Robert W. Olson, MD, of Santa Barbara, passed away June 4, 2026, at the age of 94. Born May 20, 1932, in Lincoln, Nebraska, Bob was the son of a military doctor whose postings carried Bob through six grammar schools, four junior highs, one high school, and three college undergraduate programs.
That itinerant lifestyle placed Bob, by sheer happenstance, on the edge of history again and again.
In 1941 his father was posted to Panama after a higher-ranking officer claimed the more desirable Philippines post; that officer later died at Bataan.
After Pearl Harbor, Bob was evacuated from Panama with his mother and siblings by zigzagging convoy and military escort through U-boat-patrolled waters to New Orleans.
In 1944, in Coral Gables, Florida, Bob caddied for his father during a weekly golf game with Ben Hogan, then stationed there assisting wounded servicemen.
In 1945, at Wright Field (the future Wright-Patterson Air Force Base) in Dayton Ohio, Bob and his friends got into trouble for sneaking into the cockpits of captured German aircraft.
In 1947, debris from the “Roswell Crash” was delivered to Wright Field, where Bob’s father was the chief medical officer; the family never heard a word about what was found.
Bob served in the U.S. Air Force from 1959-61 at Langley Air Force Base in Hampton, Virginia, where he provided radiology services to the original Mercury 7 astronauts.
Through pure chance, he was present in London, staying two blocks from Buckingham Palace, for Princess Diana’s funeral procession in September 1997.
Bob attended Miami University in Oxford, Ohio, where he was a member of Beta Theta Pi. After one transfer year at UC Berkeley, he attended Northwestern University Medical School in Chicago, graduating in 1957.
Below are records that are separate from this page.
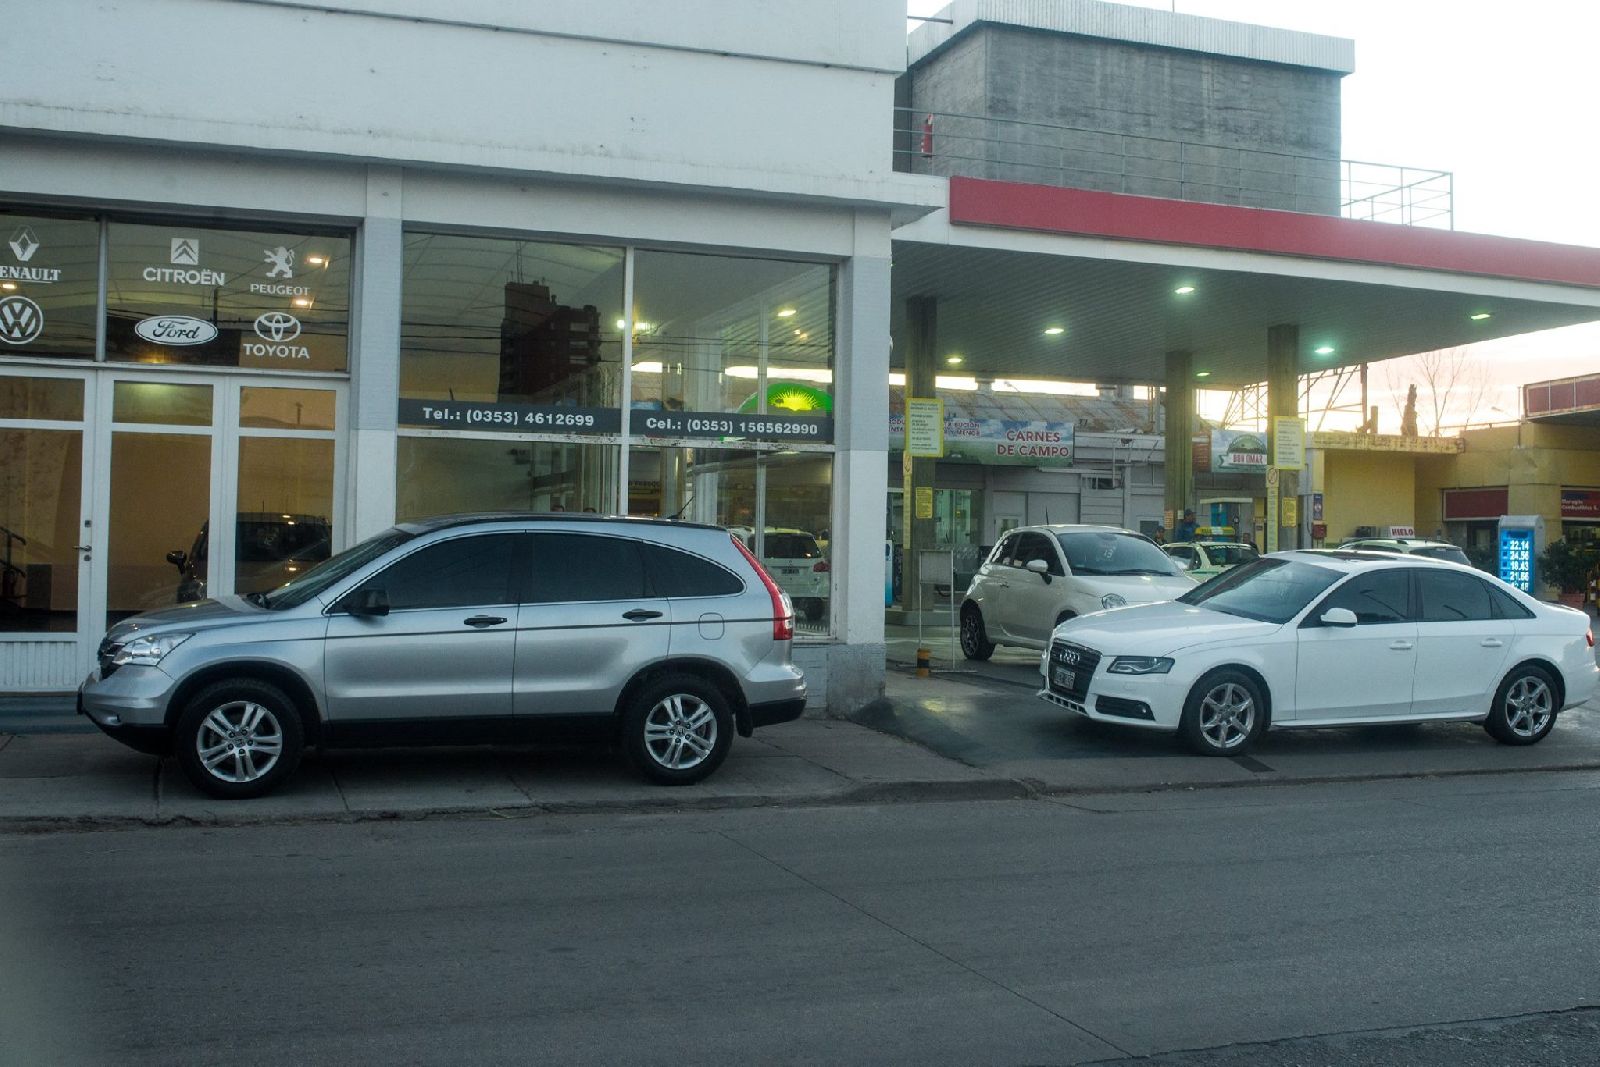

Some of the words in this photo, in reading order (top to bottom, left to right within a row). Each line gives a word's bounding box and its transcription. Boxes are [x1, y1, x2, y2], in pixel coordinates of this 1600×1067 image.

[0, 265, 61, 281] ENAULT
[143, 267, 225, 286] CITROËN
[250, 283, 310, 296] PEUGEOT
[152, 320, 201, 340] Ford
[243, 343, 310, 359] TOYOTA
[423, 407, 461, 420] Tel.:
[466, 409, 518, 425] (0353)
[525, 412, 594, 426] 4612699
[646, 418, 682, 430] Cel.:
[687, 418, 733, 433] (0353)
[739, 421, 818, 434] 156562990
[1006, 430, 1060, 442] CARNES
[997, 444, 1015, 455] DE
[1019, 445, 1069, 457] CAMPO
[1391, 528, 1414, 536] HIELO
After he finished his residency in radiology at the Mayo Clinic in Rochester, Minnesota, he joined Pueblo Radiology in Santa Barbara for a 39-year tenure, and served as president of the Santa Barbara County Medical Society in 1974.
Bob’s lifelong loves were his surviving wife of 68 years Theresa (née Rubalcava); his dear departed dogs; the St. Louis Cardinals; University of Nebraska football; his Lutheran faith; and golf at La Cumbre Country Club over a 60-plus year membership.
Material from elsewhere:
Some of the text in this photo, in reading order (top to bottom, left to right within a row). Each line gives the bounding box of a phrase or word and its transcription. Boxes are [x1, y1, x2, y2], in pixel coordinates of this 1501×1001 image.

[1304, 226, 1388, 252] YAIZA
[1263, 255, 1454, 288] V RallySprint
He was still playing golf until four months before his death, and is believed to be the oldest member ever to record a hole-in-one at La Cumbre — on the 7th, at 92 years, 10 months and 26 days.
Bob is also survived by his three children Robert Olson Jr. (Conni Mattingly), Susan Olson Sipes (James Ley), and Nancy (Tony) Braxton; five grandchildren; and two great-grandchildren.
He was preceded in death by his younger siblings Janet and Tommy, and by his lifelong best friend Dr. Dale Hines, with whom he attended four years of high school, two years at Miami, and four years at Northwestern.
Bob will be sorely missed by his family and many friends.
Services will be at 10:30 a.m. July 8 at Good Shepherd Lutheran Church, 380 N. Fairview Ave., Goleta; interment will be private.
In lieu of flowers, the family asks that donations be made to the SBCC Foundation, Rene R. Ramos, RT Scholarship Fund for radiography technician training.